Therein lies the irony.  Using our consensus metrics, we can see that our metrics are insufficient.  Yet we still press on as though their use will somehow manifest their adequacy.  Central bank intervention has provided ‘cheap money’ to enrich the paper wealth of a few and push a greater proportion of the celebrated ‘middle class’ into retrograde.  The economically poor?  Forget about them.  Their ranks are growing and their voices are being strangled.  While high end retailers like Tiffany and LVMH grew at 9% in the first quarter of 2014, sales of the bottom 99% of homes in the U.S. fell by 7.4%.  Elitist retailers like Walmart saw sales fall by nearly 5% while discount retailers at the lowest price points grew over 7%.  The middle of the distribution is getting weaker while the tails are getting stronger.  In other words – the economy isn’t working for the economy. 

So back to my opening.  Why would I build a business that is predicated on, or assessed for performance on a system that does not work?  How much did it cost me to uncover the fact that Rio Tinto and its closely held corporation Bougainville Copper Ltd is seeking to defraud Papua New Guinea of over $50 million?  It cost: years of plane fares, days of interactions with citizens of Bougainville including ex-combatants that multi-lateral peace keepers refuse to engage, three years of direct opposition and discouragement from members of my own organization, courage of my family in the face of ostensible security threats, creative economic modeling and years of forensic accounting, joyful community engagements, a partnership with a great business partner, and countless other inputs.  And in over 30 years, did anyone with any budget do the same work?  Absolutely not.  How much did it cost to build a financial structure that could flow billions of dollars of capital to business by rationalizing their intangible assets in a fashion that banks could understand?  Was it millions of dollars of investments?  Was it tens of millions of dollars of revenue?  No!  Others tried the same and have come up discredited and empty.  It took bold initiatives in the public arena, ridicule and celebration for taking a contrarian stance against the propaganda of mainstream economists, the tireless effort of loyal members of a team who saw their professional colleagues taking lucrative shortcuts to personal enrichment at the expense of the mission, advanced computational analytics that are unrivaled in any industry – analytics that actually outmaneuver super-computers that cost taxpayers in excess of $300 million each year and bureaucracies on both sides of the Atlantic that cost industry over $4 billion each year.

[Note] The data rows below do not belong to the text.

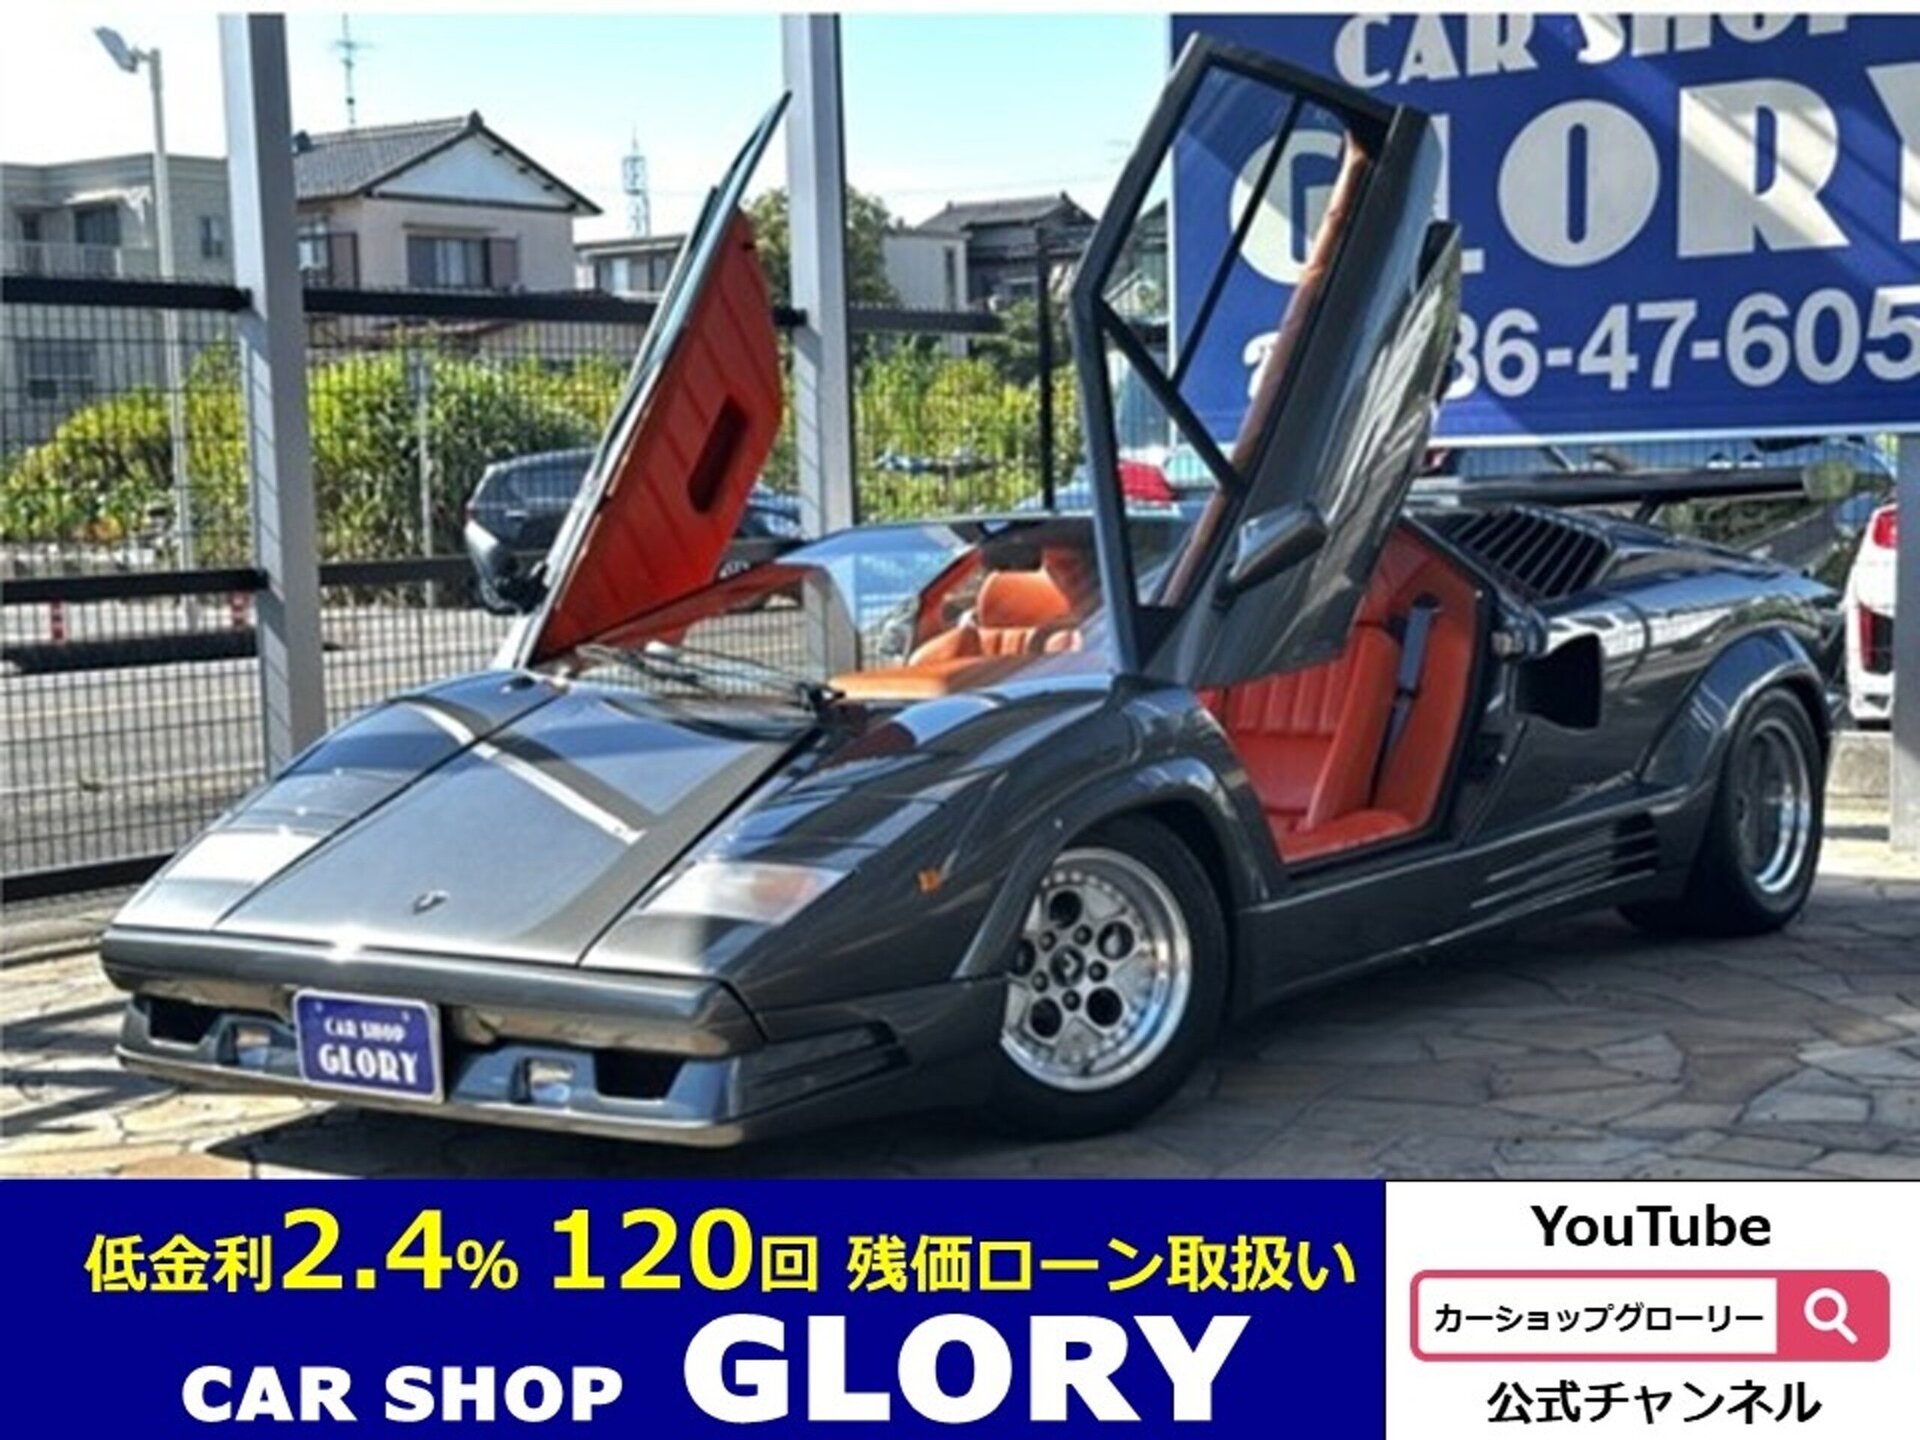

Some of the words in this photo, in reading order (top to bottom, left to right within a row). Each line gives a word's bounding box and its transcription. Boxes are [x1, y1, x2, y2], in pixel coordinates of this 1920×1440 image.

[1333, 14, 1539, 89] CAR
[1577, 14, 1848, 63] SH
[323, 1016, 357, 1039] CAR
[361, 1020, 406, 1043] SHOP
[318, 1043, 418, 1085] GLORY

In a few weeks, my quantitative equity fund will celebrate its first year anniversary of active trading.  Measuring corporate stewardship and quality of innovation alone, we have outperformed the large cap equity markets in a year where the same markets have reached their all-time peaks.  In short, we’ve beat the best at their own game.  And by a considerable margin.  Does that make our metrics right?  Absolutely not.  But what it does show is that the market is not measuring what drives it.  And this incomplete view directly harms wealthy and poor alike.  Public dollars are spent chasing ephemeral objectives rather than addressing legitimate social and infrastructure needs.  Countless illusions are created around businesses that will never bear fruit.  From crowd-sourcing to Goldman Sachs, the measurable ignorance premium is growing and we’re the worse for it.

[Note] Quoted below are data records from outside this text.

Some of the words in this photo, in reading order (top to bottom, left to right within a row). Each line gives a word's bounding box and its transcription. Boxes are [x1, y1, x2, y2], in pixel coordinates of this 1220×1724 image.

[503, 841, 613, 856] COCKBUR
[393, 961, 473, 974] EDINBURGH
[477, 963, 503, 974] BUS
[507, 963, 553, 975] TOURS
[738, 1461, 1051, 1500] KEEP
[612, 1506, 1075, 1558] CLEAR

It’s time to account for it ALL – the stuff that we use, the frameworks around which we organize our impulses, the wisdom that we integrate, the capital we use to empower our efforts, the tools we use to build and propagate our impulses, and the success or failure we celebrate or shun!  A more complete embrace of reality will have a quantifiable effect.  Let’s throw out the sheets that no longer service us and recalibrate our world.